== Segment start ==
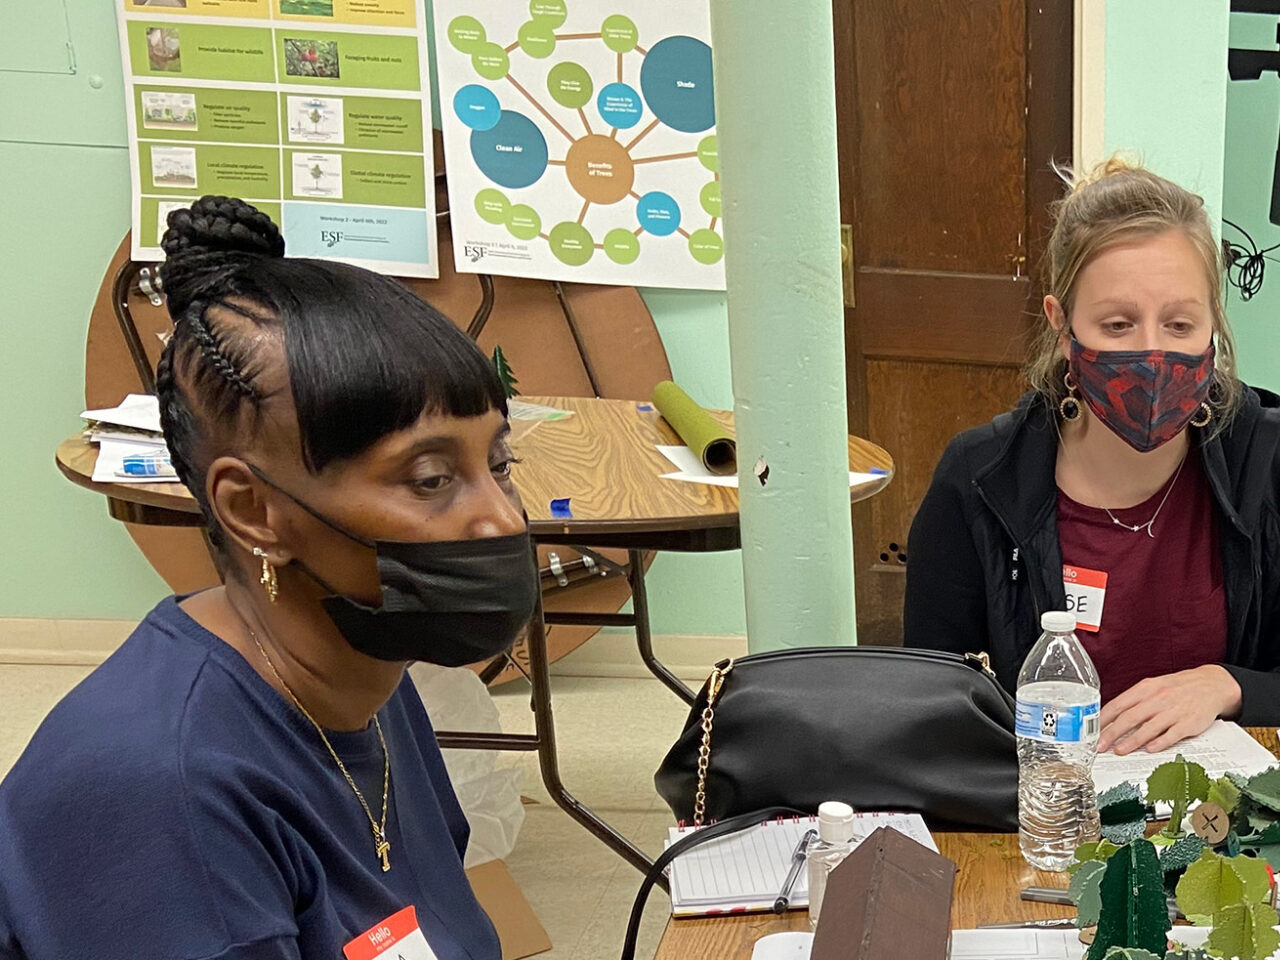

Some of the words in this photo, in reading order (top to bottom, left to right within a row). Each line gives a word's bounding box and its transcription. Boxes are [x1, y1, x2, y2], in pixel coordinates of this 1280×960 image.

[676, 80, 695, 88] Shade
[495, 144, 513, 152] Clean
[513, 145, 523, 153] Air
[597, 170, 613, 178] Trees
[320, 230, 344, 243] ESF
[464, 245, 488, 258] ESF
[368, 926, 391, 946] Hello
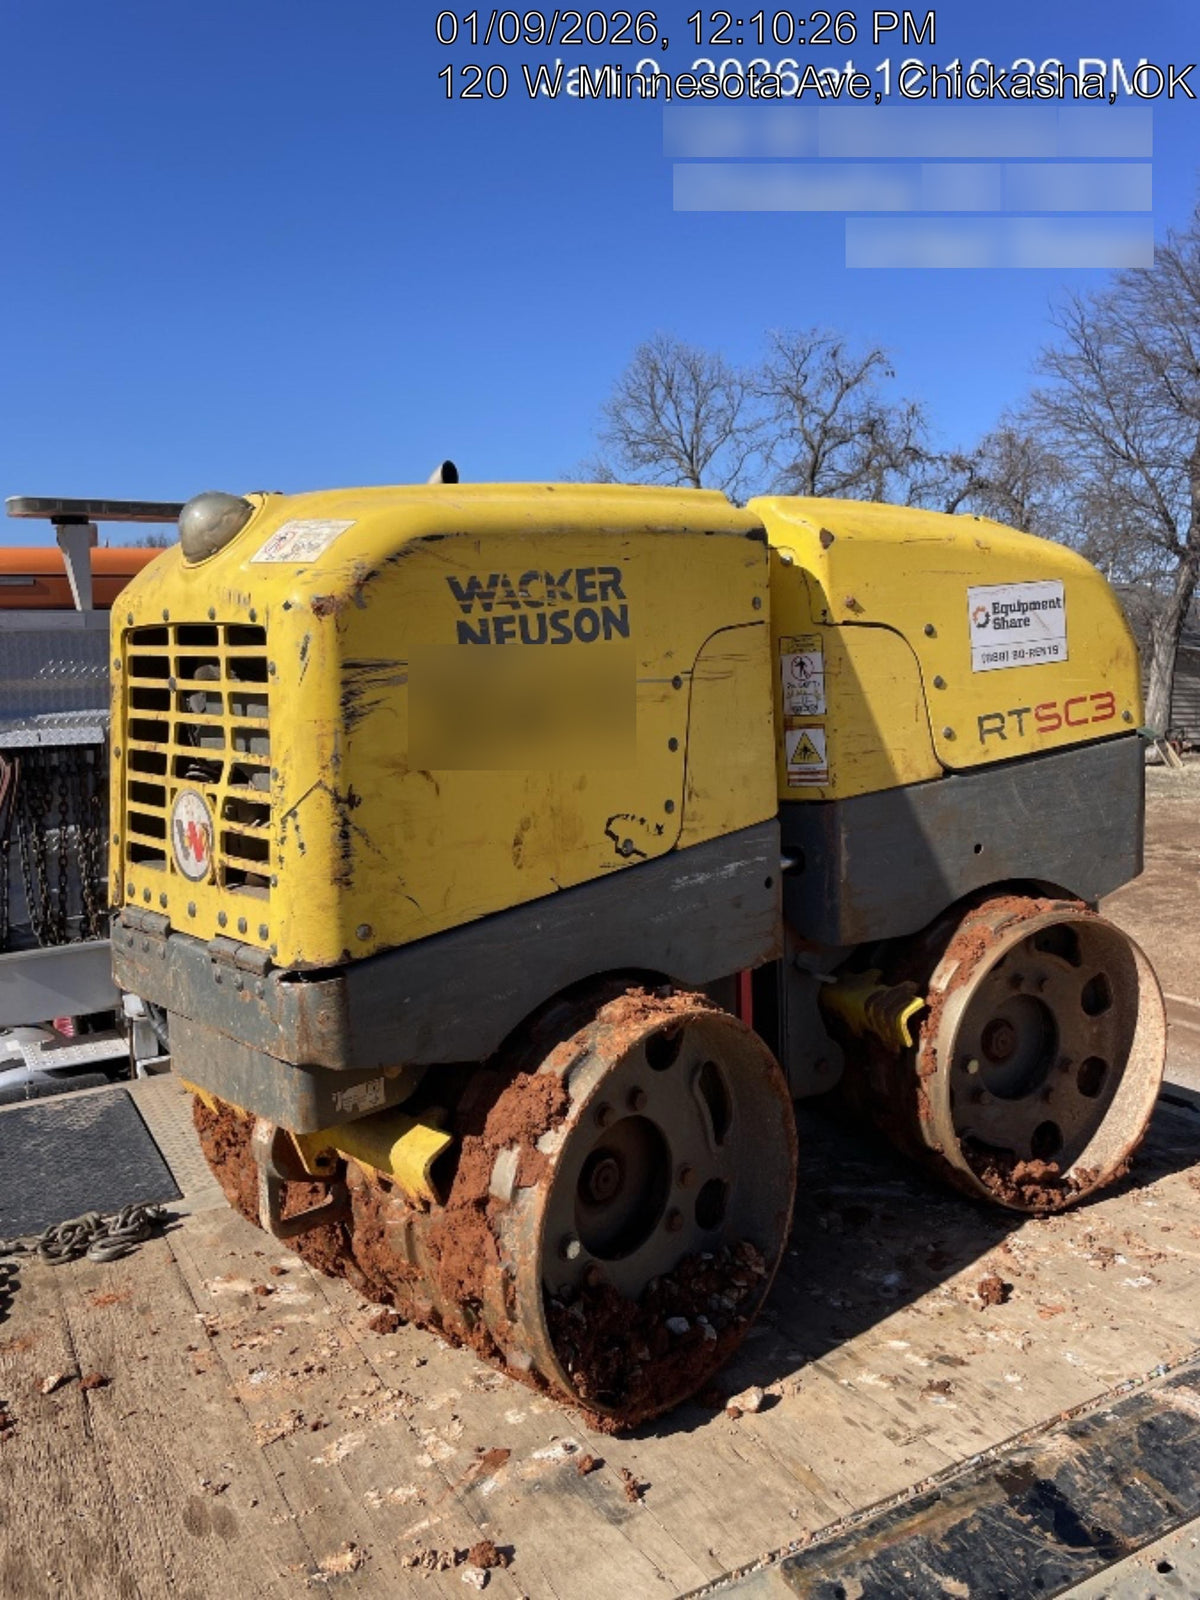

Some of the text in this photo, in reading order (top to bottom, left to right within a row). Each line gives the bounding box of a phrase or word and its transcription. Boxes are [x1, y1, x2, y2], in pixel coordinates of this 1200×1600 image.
== Segment end ==
• Exercise goal
Exactly repeat the data above; the pictures do not belong in your copy.

• Finished exercise
Some of the words in this photo, in reading order (top to bottom, left to right within a row). Each line gives a word's bounding box and its transcription. Boxes are [x1, y1, x2, y2], in pixel coordinates of this 1280×960 image.

[676, 80, 695, 88] Shade
[495, 144, 513, 152] Clean
[513, 145, 523, 153] Air
[597, 170, 613, 178] Trees
[320, 230, 344, 243] ESF
[464, 245, 488, 258] ESF
[368, 926, 391, 946] Hello

Some of the text in this photo, in reading order (top to bottom, left to right within a row). Each line gives the bounding box of a phrase or word and its transcription. Boxes are [x1, y1, x2, y2], in pixel coordinates of this 1200×1600 image.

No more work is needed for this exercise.